─── DATA PROVIDED ───
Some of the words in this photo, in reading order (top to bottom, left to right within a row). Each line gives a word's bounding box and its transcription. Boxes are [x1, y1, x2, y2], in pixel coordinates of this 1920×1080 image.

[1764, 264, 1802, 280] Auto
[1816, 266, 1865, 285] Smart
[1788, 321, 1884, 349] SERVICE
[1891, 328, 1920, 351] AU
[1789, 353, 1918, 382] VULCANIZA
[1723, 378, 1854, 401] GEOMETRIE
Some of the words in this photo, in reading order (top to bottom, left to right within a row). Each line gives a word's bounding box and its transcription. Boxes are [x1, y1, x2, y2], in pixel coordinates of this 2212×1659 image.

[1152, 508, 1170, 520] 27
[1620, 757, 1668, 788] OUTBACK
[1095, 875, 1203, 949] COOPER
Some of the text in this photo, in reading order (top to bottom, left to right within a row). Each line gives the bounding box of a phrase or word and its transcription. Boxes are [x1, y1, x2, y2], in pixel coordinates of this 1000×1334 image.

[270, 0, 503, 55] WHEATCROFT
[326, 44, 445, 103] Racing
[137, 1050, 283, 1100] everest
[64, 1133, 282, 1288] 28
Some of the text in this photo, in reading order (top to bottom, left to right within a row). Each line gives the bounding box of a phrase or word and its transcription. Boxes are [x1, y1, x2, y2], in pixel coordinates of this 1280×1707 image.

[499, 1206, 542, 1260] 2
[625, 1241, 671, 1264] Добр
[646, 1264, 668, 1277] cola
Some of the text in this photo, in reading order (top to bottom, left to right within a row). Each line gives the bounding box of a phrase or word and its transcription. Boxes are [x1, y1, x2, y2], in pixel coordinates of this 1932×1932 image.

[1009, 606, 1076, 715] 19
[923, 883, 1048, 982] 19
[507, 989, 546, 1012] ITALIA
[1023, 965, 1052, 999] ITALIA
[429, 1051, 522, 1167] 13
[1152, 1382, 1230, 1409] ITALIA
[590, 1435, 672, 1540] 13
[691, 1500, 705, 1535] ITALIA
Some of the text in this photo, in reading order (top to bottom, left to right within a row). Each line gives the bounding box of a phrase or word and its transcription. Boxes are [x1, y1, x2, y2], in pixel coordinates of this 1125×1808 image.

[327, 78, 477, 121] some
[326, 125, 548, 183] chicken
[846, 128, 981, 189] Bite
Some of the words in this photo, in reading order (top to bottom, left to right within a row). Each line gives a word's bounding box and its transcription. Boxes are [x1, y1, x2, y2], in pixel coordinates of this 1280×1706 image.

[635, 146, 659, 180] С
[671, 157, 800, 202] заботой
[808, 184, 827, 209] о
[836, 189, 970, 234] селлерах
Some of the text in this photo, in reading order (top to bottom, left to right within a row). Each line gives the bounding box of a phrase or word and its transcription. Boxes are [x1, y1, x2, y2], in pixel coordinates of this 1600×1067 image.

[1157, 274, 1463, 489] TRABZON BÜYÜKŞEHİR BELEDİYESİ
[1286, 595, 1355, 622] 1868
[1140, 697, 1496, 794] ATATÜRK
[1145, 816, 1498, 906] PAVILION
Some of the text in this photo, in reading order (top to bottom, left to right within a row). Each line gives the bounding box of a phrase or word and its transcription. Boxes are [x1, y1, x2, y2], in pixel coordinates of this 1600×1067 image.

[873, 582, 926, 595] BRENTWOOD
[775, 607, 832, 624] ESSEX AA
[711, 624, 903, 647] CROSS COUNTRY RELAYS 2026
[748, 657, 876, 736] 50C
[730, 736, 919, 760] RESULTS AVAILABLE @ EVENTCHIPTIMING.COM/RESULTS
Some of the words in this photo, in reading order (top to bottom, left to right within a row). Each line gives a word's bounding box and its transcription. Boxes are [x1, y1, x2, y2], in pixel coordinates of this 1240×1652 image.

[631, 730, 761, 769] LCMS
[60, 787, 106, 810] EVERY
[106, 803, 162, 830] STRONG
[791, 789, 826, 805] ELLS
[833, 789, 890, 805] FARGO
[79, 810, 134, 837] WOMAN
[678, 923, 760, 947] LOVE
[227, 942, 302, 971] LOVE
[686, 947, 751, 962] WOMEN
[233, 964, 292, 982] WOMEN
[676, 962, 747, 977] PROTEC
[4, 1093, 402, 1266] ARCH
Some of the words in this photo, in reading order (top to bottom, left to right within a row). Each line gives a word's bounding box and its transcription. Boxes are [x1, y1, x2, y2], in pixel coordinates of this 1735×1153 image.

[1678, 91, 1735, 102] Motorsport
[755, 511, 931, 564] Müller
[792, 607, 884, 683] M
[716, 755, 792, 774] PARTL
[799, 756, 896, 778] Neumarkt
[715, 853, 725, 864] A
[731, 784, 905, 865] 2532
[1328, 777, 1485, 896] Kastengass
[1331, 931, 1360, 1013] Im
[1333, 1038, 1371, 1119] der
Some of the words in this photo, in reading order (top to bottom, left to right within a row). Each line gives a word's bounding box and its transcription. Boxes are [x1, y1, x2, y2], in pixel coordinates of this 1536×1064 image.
───
• [INSTRUCTIONS TO FOLLOW]:
All of the lines above are to be restated word for word.

• [OUTPUT OF THE EXERCISE]:
Some of the words in this photo, in reading order (top to bottom, left to right within a row). Each line gives a word's bounding box and its transcription. Boxes are [x1, y1, x2, y2], in pixel coordinates of this 1920×1080 image.

[1764, 264, 1802, 280] Auto
[1816, 266, 1865, 285] Smart
[1788, 321, 1884, 349] SERVICE
[1891, 328, 1920, 351] AU
[1789, 353, 1918, 382] VULCANIZA
[1723, 378, 1854, 401] GEOMETRIE
Some of the words in this photo, in reading order (top to bottom, left to right within a row). Each line gives a word's bounding box and its transcription. Boxes are [x1, y1, x2, y2], in pixel coordinates of this 2212×1659 image.

[1152, 508, 1170, 520] 27
[1620, 757, 1668, 788] OUTBACK
[1095, 875, 1203, 949] COOPER
Some of the text in this photo, in reading order (top to bottom, left to right within a row). Each line gives the bounding box of a phrase or word and its transcription. Boxes are [x1, y1, x2, y2], in pixel coordinates of this 1000×1334 image.

[270, 0, 503, 55] WHEATCROFT
[326, 44, 445, 103] Racing
[137, 1050, 283, 1100] everest
[64, 1133, 282, 1288] 28
Some of the text in this photo, in reading order (top to bottom, left to right within a row). Each line gives the bounding box of a phrase or word and its transcription. Boxes are [x1, y1, x2, y2], in pixel coordinates of this 1280×1707 image.

[499, 1206, 542, 1260] 2
[625, 1241, 671, 1264] Добр
[646, 1264, 668, 1277] cola
Some of the text in this photo, in reading order (top to bottom, left to right within a row). Each line gives the bounding box of a phrase or word and its transcription. Boxes are [x1, y1, x2, y2], in pixel coordinates of this 1932×1932 image.

[1009, 606, 1076, 715] 19
[923, 883, 1048, 982] 19
[507, 989, 546, 1012] ITALIA
[1023, 965, 1052, 999] ITALIA
[429, 1051, 522, 1167] 13
[1152, 1382, 1230, 1409] ITALIA
[590, 1435, 672, 1540] 13
[691, 1500, 705, 1535] ITALIA
Some of the text in this photo, in reading order (top to bottom, left to right within a row). Each line gives the bounding box of a phrase or word and its transcription. Boxes are [x1, y1, x2, y2], in pixel coordinates of this 1125×1808 image.

[327, 78, 477, 121] some
[326, 125, 548, 183] chicken
[846, 128, 981, 189] Bite
Some of the words in this photo, in reading order (top to bottom, left to right within a row). Each line gives a word's bounding box and its transcription. Boxes are [x1, y1, x2, y2], in pixel coordinates of this 1280×1706 image.

[635, 146, 659, 180] С
[671, 157, 800, 202] заботой
[808, 184, 827, 209] о
[836, 189, 970, 234] селлерах
Some of the text in this photo, in reading order (top to bottom, left to right within a row). Each line gives the bounding box of a phrase or word and its transcription. Boxes are [x1, y1, x2, y2], in pixel coordinates of this 1600×1067 image.

[1157, 274, 1463, 489] TRABZON BÜYÜKŞEHİR BELEDİYESİ
[1286, 595, 1355, 622] 1868
[1140, 697, 1496, 794] ATATÜRK
[1145, 816, 1498, 906] PAVILION
Some of the text in this photo, in reading order (top to bottom, left to right within a row). Each line gives the bounding box of a phrase or word and its transcription. Boxes are [x1, y1, x2, y2], in pixel coordinates of this 1600×1067 image.

[873, 582, 926, 595] BRENTWOOD
[775, 607, 832, 624] ESSEX AA
[711, 624, 903, 647] CROSS COUNTRY RELAYS 2026
[748, 657, 876, 736] 50C
[730, 736, 919, 760] RESULTS AVAILABLE @ EVENTCHIPTIMING.COM/RESULTS
Some of the words in this photo, in reading order (top to bottom, left to right within a row). Each line gives a word's bounding box and its transcription. Boxes are [x1, y1, x2, y2], in pixel coordinates of this 1240×1652 image.

[631, 730, 761, 769] LCMS
[60, 787, 106, 810] EVERY
[106, 803, 162, 830] STRONG
[791, 789, 826, 805] ELLS
[833, 789, 890, 805] FARGO
[79, 810, 134, 837] WOMAN
[678, 923, 760, 947] LOVE
[227, 942, 302, 971] LOVE
[686, 947, 751, 962] WOMEN
[233, 964, 292, 982] WOMEN
[676, 962, 747, 977] PROTEC
[4, 1093, 402, 1266] ARCH
Some of the words in this photo, in reading order (top to bottom, left to right within a row). Each line gives a word's bounding box and its transcription. Boxes are [x1, y1, x2, y2], in pixel coordinates of this 1735×1153 image.

[1678, 91, 1735, 102] Motorsport
[755, 511, 931, 564] Müller
[792, 607, 884, 683] M
[716, 755, 792, 774] PARTL
[799, 756, 896, 778] Neumarkt
[715, 853, 725, 864] A
[731, 784, 905, 865] 2532
[1328, 777, 1485, 896] Kastengass
[1331, 931, 1360, 1013] Im
[1333, 1038, 1371, 1119] der
Some of the words in this photo, in reading order (top to bottom, left to right within a row). Each line gives a word's bounding box and its transcription. Boxes are [x1, y1, x2, y2], in pixel coordinates of this 1536×1064 image.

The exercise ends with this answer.